Whereas, Preparing students to transfer into baccalaureate degree programs is one of the primary missions of the California community colleges;

Whereas, The majority of transfer students are transferring to either a California State University (CSU) or University of California (UC) campus, and colleges must develop courses that satisfy the expectations of and articulate to both systems;

Whereas, Associate Degrees for Transfer (ADTs) that guarantee student admission to the CSU system do not always align with the major preparation expected by UC campuses outlined in the UC Transfer Pathways (UCTP) for 21 majors; and

Whereas, The different expectations from the UC and CSU systems for transfer students often force students to choose which system they plan to transfer to, which could limit their options when they are ready to transfer;

Resolved, That the Academic Senate for California Community Colleges strongly encourage local senates and curriculum committees to maintain sufficient rigor in all courses to ensure that they will articulate for students transferring to the California State University or University of California systems; and

Resolved; That the Academic Senate for California Community Colleges work with the Academic Senates of the California State University and the University of California to identify a single pathway in each of the majors with an Associate Degree for Transfer to ensure that students will be prepared to transfer into either the California State University or the University of California systems. [1]

Prior to the passage of the resolution, the ASCCC worked with the University of California Academic Senate to create University of California Transfer Pathway, or UCTP, associate degrees in physics and chemistry that align the UCTP major’s preparation with general education specified in Title 5 sufficient to grant an associate degree.
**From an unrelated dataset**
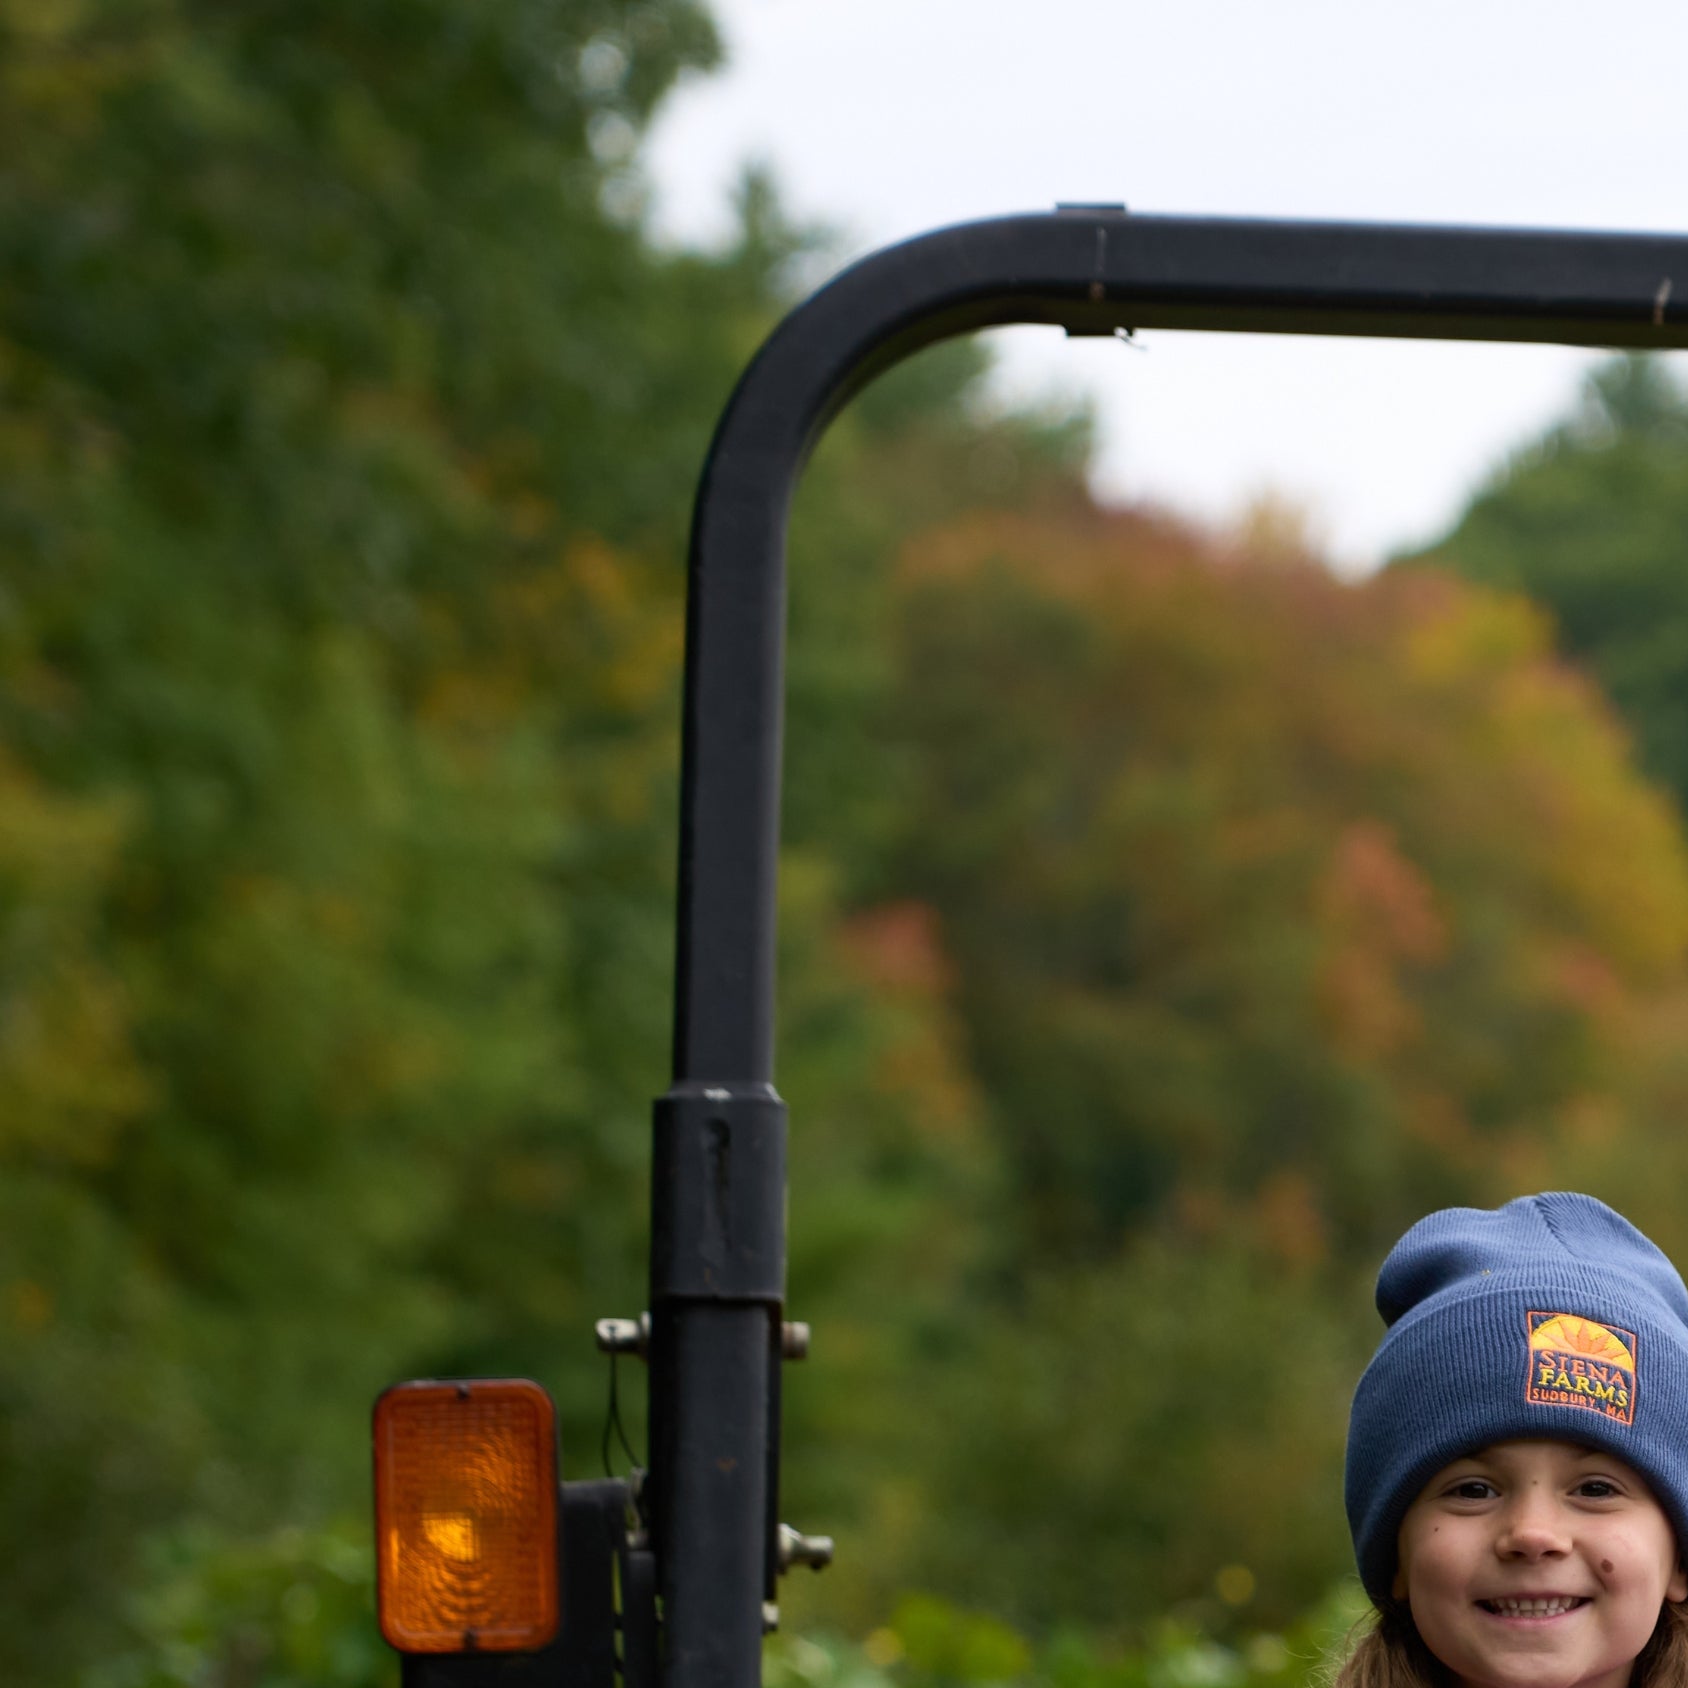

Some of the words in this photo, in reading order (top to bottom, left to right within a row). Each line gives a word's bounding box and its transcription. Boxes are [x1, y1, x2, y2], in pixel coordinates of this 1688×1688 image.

Students who earn this degree with a GPA of 3.5 or higher in the major are guaranteed admission to the UC system in the same way that students who earn an Associate Degree for Transfer (ADT) with a minimum GPA of 2.0 are guaranteed admission to the CSU system, as clarified in the Chancellor’s Office memo dated July 9, 2019, AA 19-27 (California Community Colleges Chancellors’ Office, 2019).

A memorandum of understanding dated April 10, 2018 between the California Community Colleges Chancellor’s Office and the University of California’s Office of the President further stipulates that, among many other things,

The UC Transfer Pathways solve the problem of preparing for applying to multiple campuses, but they do not confer a degree. Recognizing that an associate degree is a significant milestone valued by students and their families, which also helps with students’ academic planning as they progress toward a bachelor’s degree, the UC Academic Senate will continue to work with the CCC Academic Senate to develop associate degrees based on the UC Transfer Pathway requirements that will aim to adhere to the 60 unit maximum at both institutions where possible…

The leadership of the two segments will work together to identify and secure the necessary resources…

Further, UCOP and the CCCCO will convene a task force consisting of senior leadership as well as campus administrators, academic senate representatives, and students to monitor the implementation. (Enhancing Student Transfer, 2018)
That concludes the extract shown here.